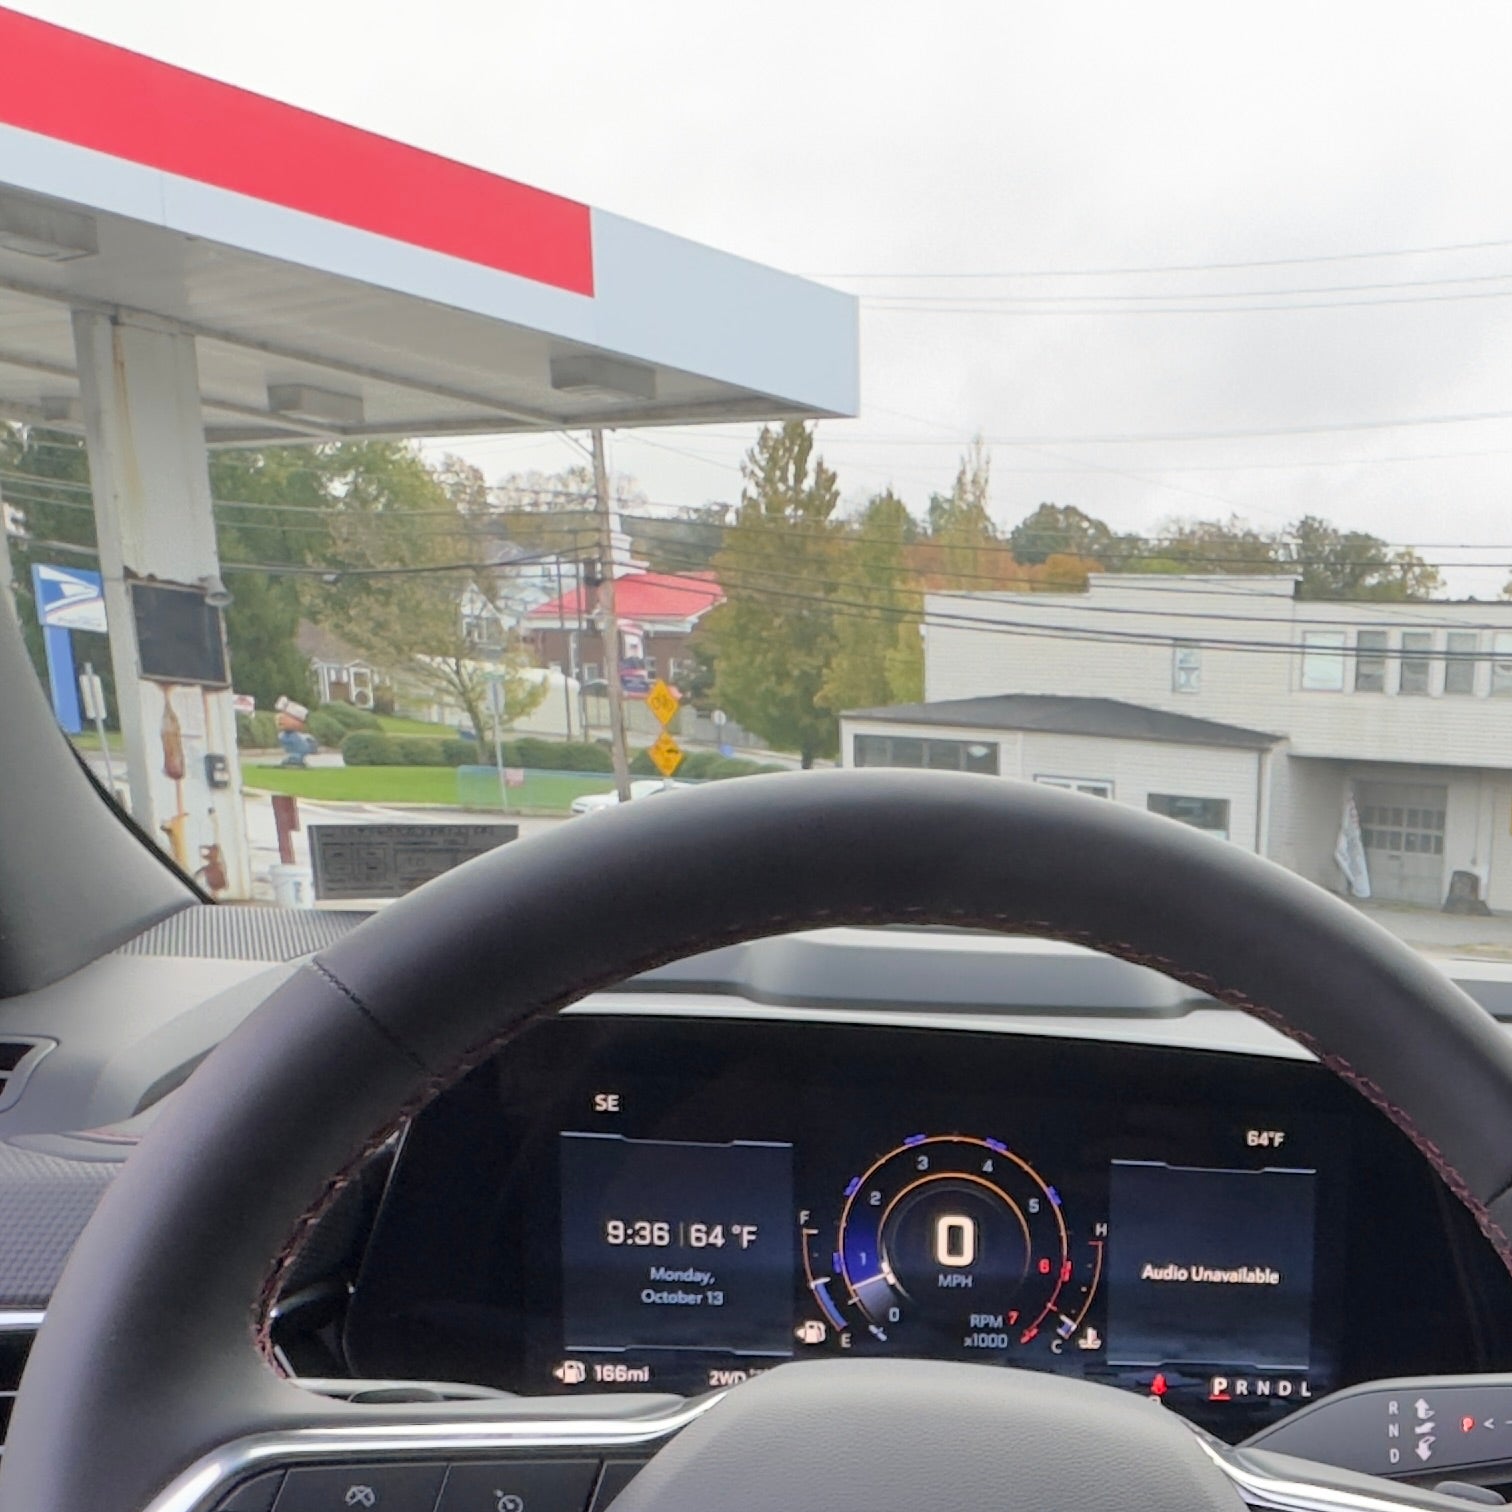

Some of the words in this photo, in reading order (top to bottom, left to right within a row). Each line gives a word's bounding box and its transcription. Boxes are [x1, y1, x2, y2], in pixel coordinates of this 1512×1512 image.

[594, 1094, 620, 1112] SE
[1246, 1130, 1285, 1149] 64°F
[916, 1155, 929, 1171] 3
[982, 1158, 994, 1173] 4
[869, 1191, 882, 1206] 2
[1028, 1198, 1040, 1214] 5
[800, 1210, 810, 1225] F
[606, 1220, 670, 1246] 9:36
[689, 1224, 726, 1249] 64
[1095, 1223, 1108, 1237] H
[935, 1214, 976, 1268] 0
[859, 1251, 867, 1266] 1
[1038, 1258, 1050, 1274] 6
[650, 1266, 715, 1286] Monday,
[938, 1273, 973, 1289] MPH
[1141, 1263, 1189, 1283] Audio
[1191, 1265, 1280, 1286] Unavailable
[641, 1288, 703, 1305] October
[707, 1291, 724, 1306] 13
[888, 1306, 900, 1322] 0
[970, 1313, 1003, 1329] RPM
[1007, 1310, 1020, 1326] 7
[841, 1332, 852, 1348] E
[963, 1332, 1009, 1349] x1000
[1051, 1339, 1064, 1355] C
[593, 1363, 650, 1384] 166mi
[708, 1369, 748, 1386] 2WD
[1213, 1376, 1228, 1396] P
[1236, 1380, 1249, 1396] R
[1256, 1380, 1271, 1396] N
[1277, 1380, 1293, 1397] D
[1300, 1381, 1312, 1398] L
[1388, 1400, 1399, 1416] R
[1388, 1423, 1400, 1438] N
[1461, 1416, 1474, 1433] P
[1389, 1448, 1401, 1464] D
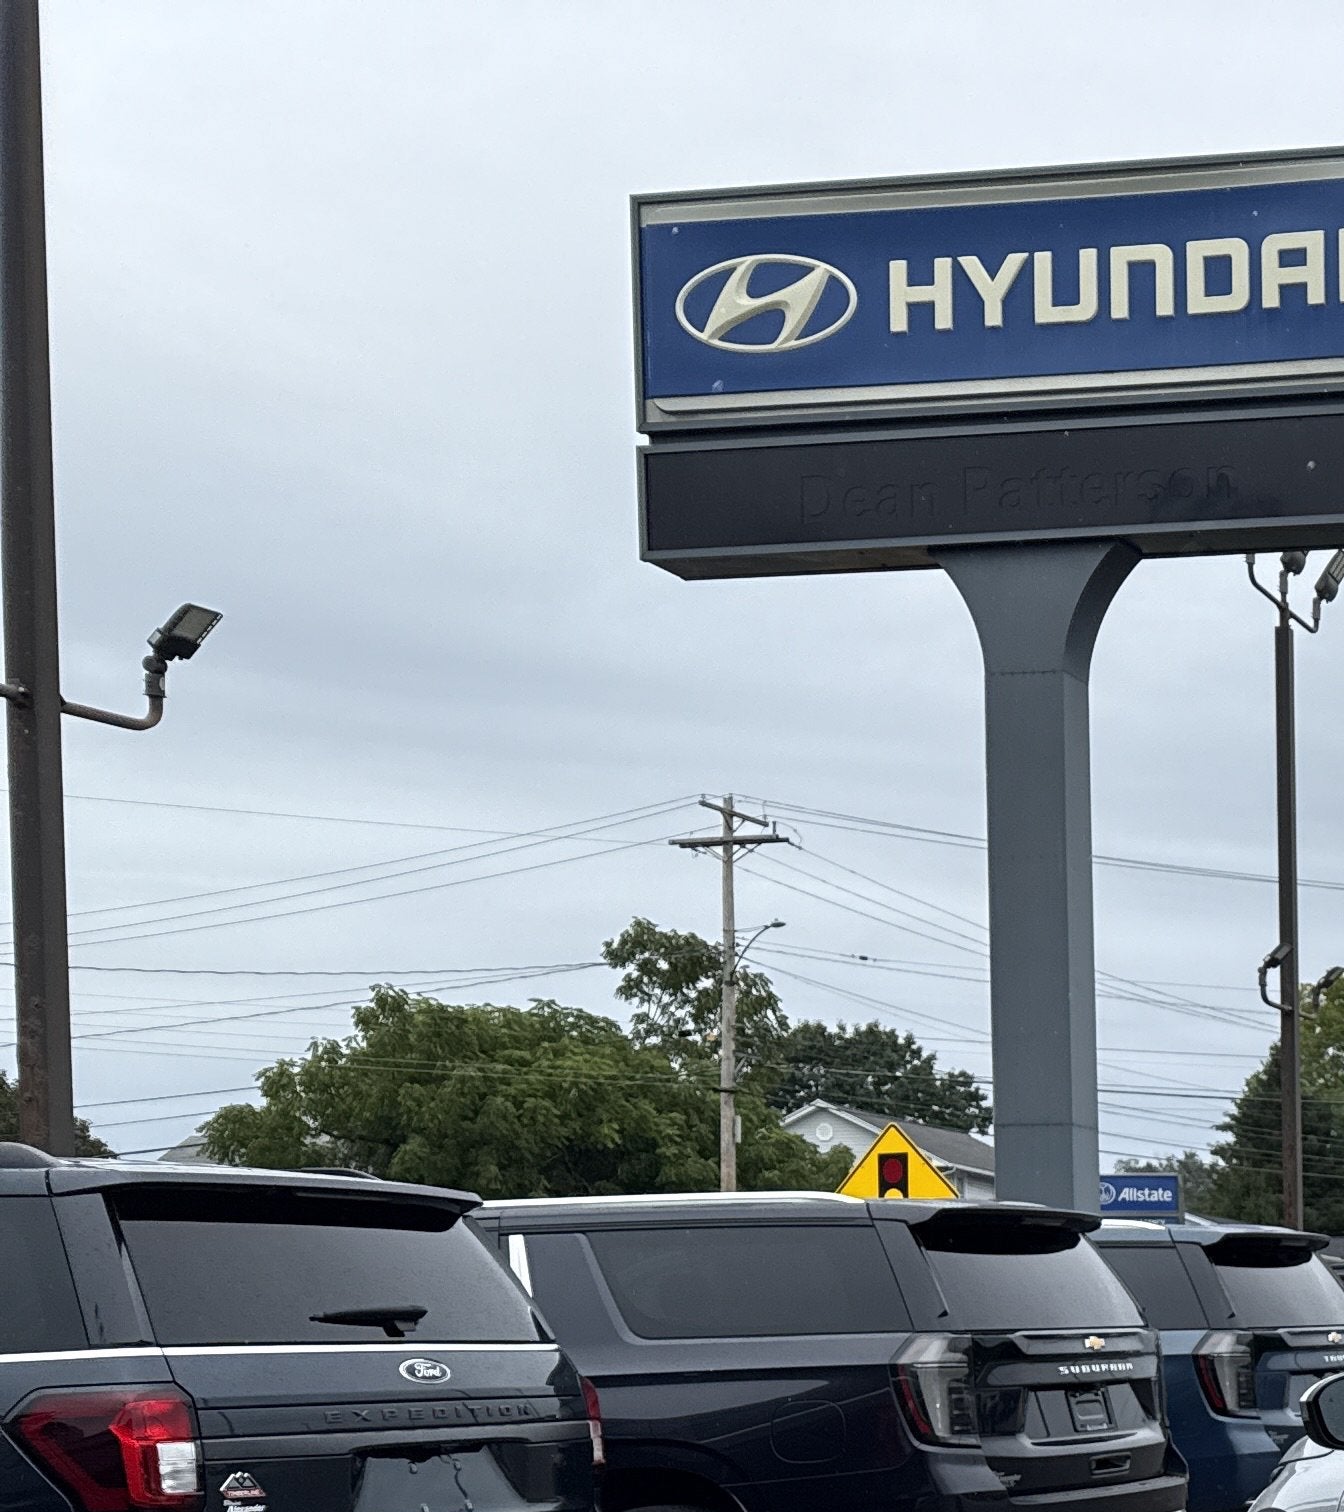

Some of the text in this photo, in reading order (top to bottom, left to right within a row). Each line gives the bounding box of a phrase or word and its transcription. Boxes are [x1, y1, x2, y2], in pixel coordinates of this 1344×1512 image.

[800, 464, 1236, 524] Dean Patterson
[1118, 1187, 1173, 1201] Allstate
[414, 1362, 442, 1378] Ford
[1058, 1362, 1134, 1375] SUBURBAN
[324, 1402, 532, 1424] EXPEDITION

::::::::::

Task goal → Reply with exactly the lines from the one containing "Some of the text" to the last line of the material, inclusive, and with nothing more.

Task response →
Some of the text in this photo, in reading order (top to bottom, left to right within a row). Each line gives the bounding box of a phrase or word and its transcription. Boxes are [x1, y1, x2, y2], in pixel coordinates of this 1344×1512 image.

[800, 464, 1236, 524] Dean Patterson
[1118, 1187, 1173, 1201] Allstate
[414, 1362, 442, 1378] Ford
[1058, 1362, 1134, 1375] SUBURBAN
[324, 1402, 532, 1424] EXPEDITION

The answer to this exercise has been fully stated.